Le soleil se couchait quand je suis arrivé avec Fabrizio à Point Dume. J’avais pris le volant, Fab avait trop bu. Mais j’étais dans un sale état moi aussi et je crevais de fatigue. J’ai réussi à piloter la grosse Country entre le portail de derrière et le parking, puis j’ai aperçu la villa, sombre et déserte. Signe que mon père était toujours vivant.
J’ai déchargé Fab et nous nous sommes dirigés vers la porte de derrière. Il m’a dit où trouver la clé et je me suis souvenu que c’était là sa place, au clou tordu sous le compteur à gaz devant la véranda. Tout en tenant Fab contre la balustrade, j’ai fouillé dans le noir jusqu’à sentir la clé sous mes doigts.
À l’instant où j’ouvrais la porte, j’ai entendu un bruit dans mon dos. C’était ce bon vieux Rocco, avec ses côtes qui pointaient à travers sa fourrure sale et pendante.
Le chien tenait quelque chose dans la gueule mais dans l’obscurité, difficile de voir quoi. Je suis entré et j’ai allumé la lampe de la véranda. À la lumière, j’ai vu que c’était un animal. Petit, mouillé et mort. Et qui puait.
Rocco a émis une sorte de couinement aigu pour attirer mon attention. J’ai refermé la porte et descendu l’escalier à sa rencontre. Ce que voyant, il a lâché la dépouille à mes pieds pour me faire admirer sa proie.
Le carcasse mutilée avait une large tête écrasée et un petit corps gras au poil touffu. Pattes de rongeur mais queue trop courte pour le genre Rattus, j’en ai déduit qu’il s’agissait d’un écureuil, car mon père m’avait dit une fois que Rocco était un excellent chasseur d’écureuils.

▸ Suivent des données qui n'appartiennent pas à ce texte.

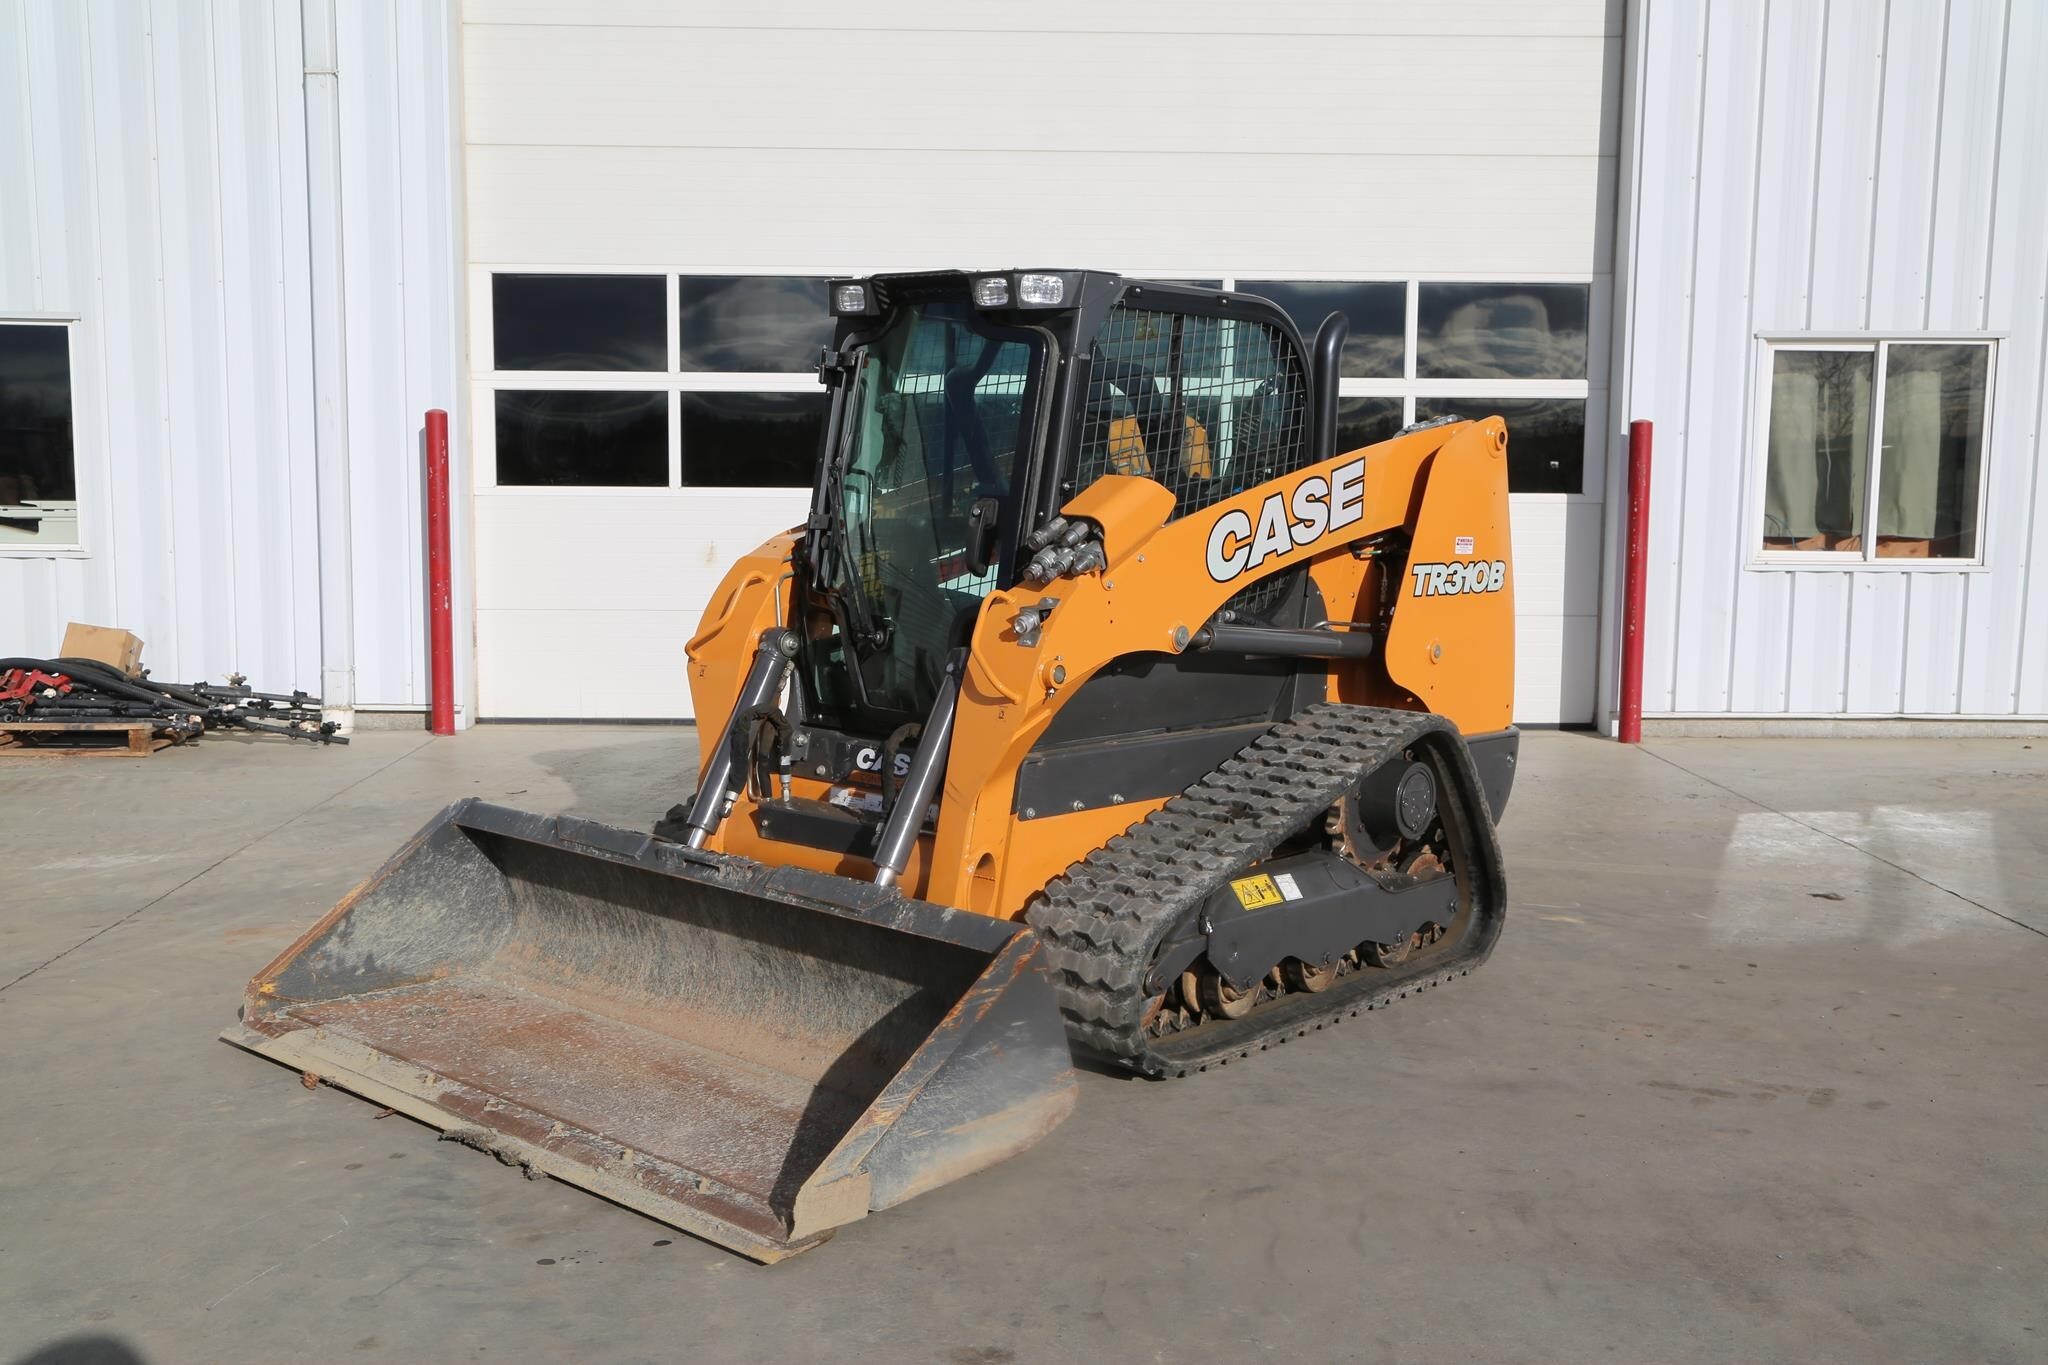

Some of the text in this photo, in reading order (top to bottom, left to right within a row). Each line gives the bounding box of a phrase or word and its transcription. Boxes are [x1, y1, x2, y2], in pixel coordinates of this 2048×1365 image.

[1206, 456, 1366, 583] CASE
[1412, 560, 1506, 597] TR310B
[857, 748, 911, 775] CS

Le chien avait attendu longtemps au pied de la véranda pour présenter son trophée. Attendu la voix de mon père.
Mais je n’étais pas Dante et n’avais pas de tendresse particulière pour les chiens. Bien que, un instant, Rocco m’eût fait de la peine. Mais quoi. Je n’allais pas le féliciter d’avoir tué un écureuil.
On s’observait. Il continuait à couiner son falsetto dans les aigus et semblait nerveux. Il ne s’arrêtait de chialer que pour respirer, un souffle rapide, court et profond.
Je voyais qu’il attendait une réaction, que je ramasse le rongeur et que je lui tapote la tête en disant « bon chien ».
Non. J’ai fait demi-tour vers l’escalier. Mauvais choix, qui a agacé le chien. Le couinement a pris du volume et, comme je continuais, s’est transformé en grondement. J’ai pris peur. Rempli de whisky, mais paniqué. Et s’il attaquait ? Le vieil homme racontait souvent comment Rocco avait mordu l’employé du gaz qui avait commis l’erreur de caresser la tête de ma petite sœur. Je ne voulais pas d’histoires.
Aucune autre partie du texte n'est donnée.